On a beautiful, sunny day, we visited the Waterperry Gardens, Oxford, with:
The gardens can best be described in the words of committee member Lorna Winstone,
"On Monday 17th August the Black Pear Gardening Club members visited Waterperry Gardens in Oxfordshire. Founded as a school of horticulture for ladies by Beatrix Havergal in the 1930’s and run by her with Avice Sanders until her retirement in 1971, Waterperry House is surrounded by eight acres of landscaped ornamental gardens and interesting buildings such as the Saxon church and the museum of rural life. The gardens are open all year round and it was easy to see how various plants would be at their best in the different seasons. The famous herbaceous borders were planted using just herbaceous plants, following the principles of design popularised by Gertrude Jekyll so that there are three distinct periods of flowering beginning in May and June with Lupins, Anchusia, Geraniums, Pyrethrum and Veronica. These are followed in July and August by Delphinium, Achillea, Verbascum and Phlox. In autumn there will be a third flush of colour from Michaelmas daisies, Goldenrod and Heleniums.
The gardens also contained mixed borders such as the Long Walk and Island Beds designed by Alan Bloom in 1968. The flowers and grasses, of course, looked spectacular in the summer sunshine and provided some excellent photo opportunities for those of us who like taking photos.

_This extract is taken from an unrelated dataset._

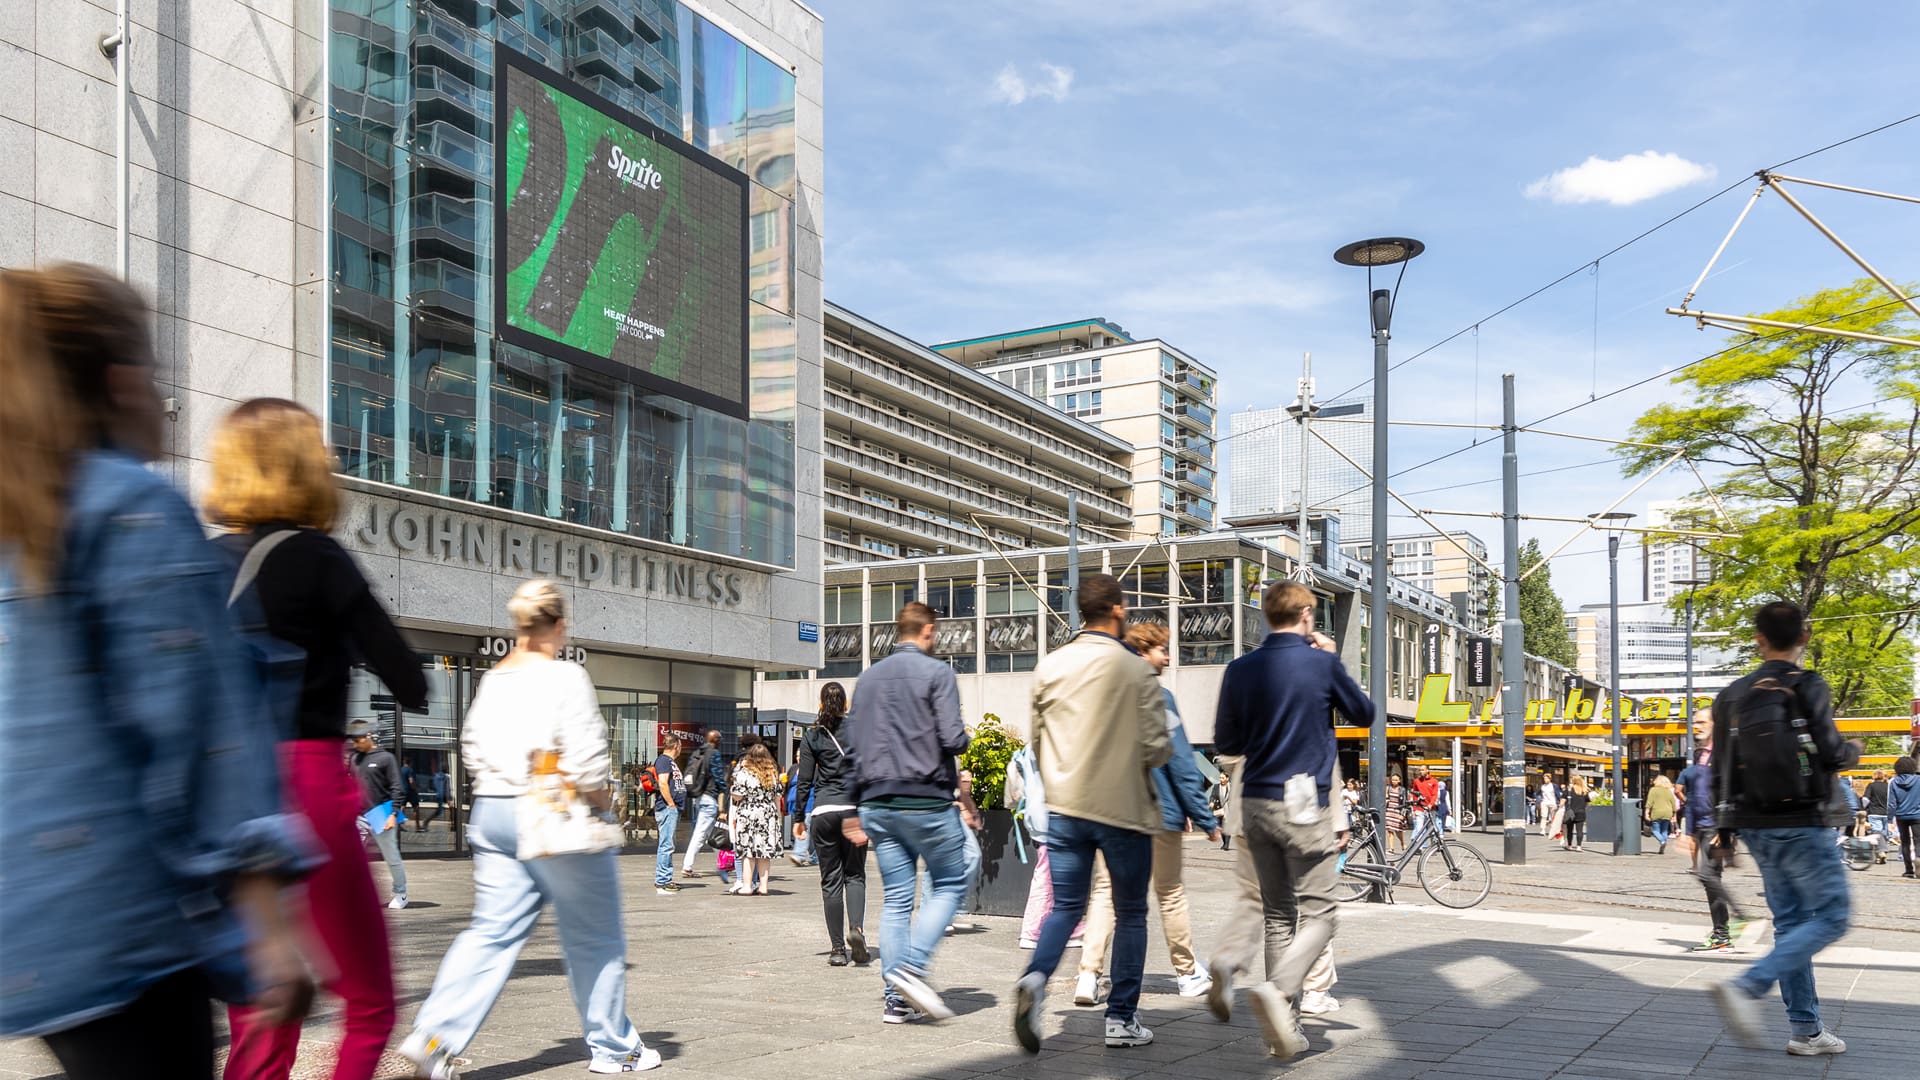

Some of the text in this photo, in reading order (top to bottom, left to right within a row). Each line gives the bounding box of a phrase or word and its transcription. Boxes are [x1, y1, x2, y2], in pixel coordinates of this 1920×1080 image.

There were a number of statues used very effectively to enhance areas of the garden such as the Canal and Miranda’s Border, the Formal garden and the Virgin’s walk.
The nursery stockbeds provide a living catalogue of plants and were used to show how different varieties compare with each other, as well as providing a source of propagation material for the gardens and the garden centre on site. The orchards also provide apples and pears sold in the shop in the autumn and apple juice that is sold all year long.
As with any successful venue for a gardening coach trip the food and drink provided by Miss H’s Teashop was excellent."
The entrance to the garden is through the plant centre, which many of our members struggled to resist so early in the day!
You entered via a gate in the garden wall past a Pelargonium Theatre...
...and the centre.
One of the Island Beds.
I was fortunate to find head gardener Pat Havers and a volunteer working on this rose border.
They explained the roses are all rambling forms, trained into arching branches tied down to bent hazel stakes. The only other garden where this is done is Sissinghurst.
This was the only rose flowering in August, it must be a very impressive site when they are all in flower.
The Water Lily Canal and Miranda's Border.
The statue of Miranda from Shakespeare's 'The Tempest', the border colour scheme is red and yellow, planted in the spring with Tulips and Wallflowers followed by Dahlias and Rudbeckias for the summer.
A formal entrance to the...
...Mary Rose garden, which comprises two sections, one containing modern cultivars, the other planted with species, shrub and old fashioned roses.
There are many formal views and ornaments around the garden.
The long walk with its colour themed mixed borders.
There are five acres of orchard growing around sixty different varieties, producing apples, juice and now cider to sell in the garden shop.
This photo is of the 'Family apple tree' created in 2010 by grafting different varieties on to a twenty five year old Spartan 'mother tree'.
The aim is to eventually graft all sixty varieties on to the tree!
A peaceful walk alongside the river Thame, a tributary of the Thames...
...before leaving the garden through the Saxifrage Garden which contains The Plant Heritage National Collection of Kabschia Saxifrages.
This class room greenhouse is a reminder that horticultural teaching still continues today.
The museum is full of rural antiquities, all very well presented.
All our club members who visited Waterperry Gardens came home very impressed with the gardens, museum and the tea room refreshments.
We shall certainly be making a return visit some time in the future.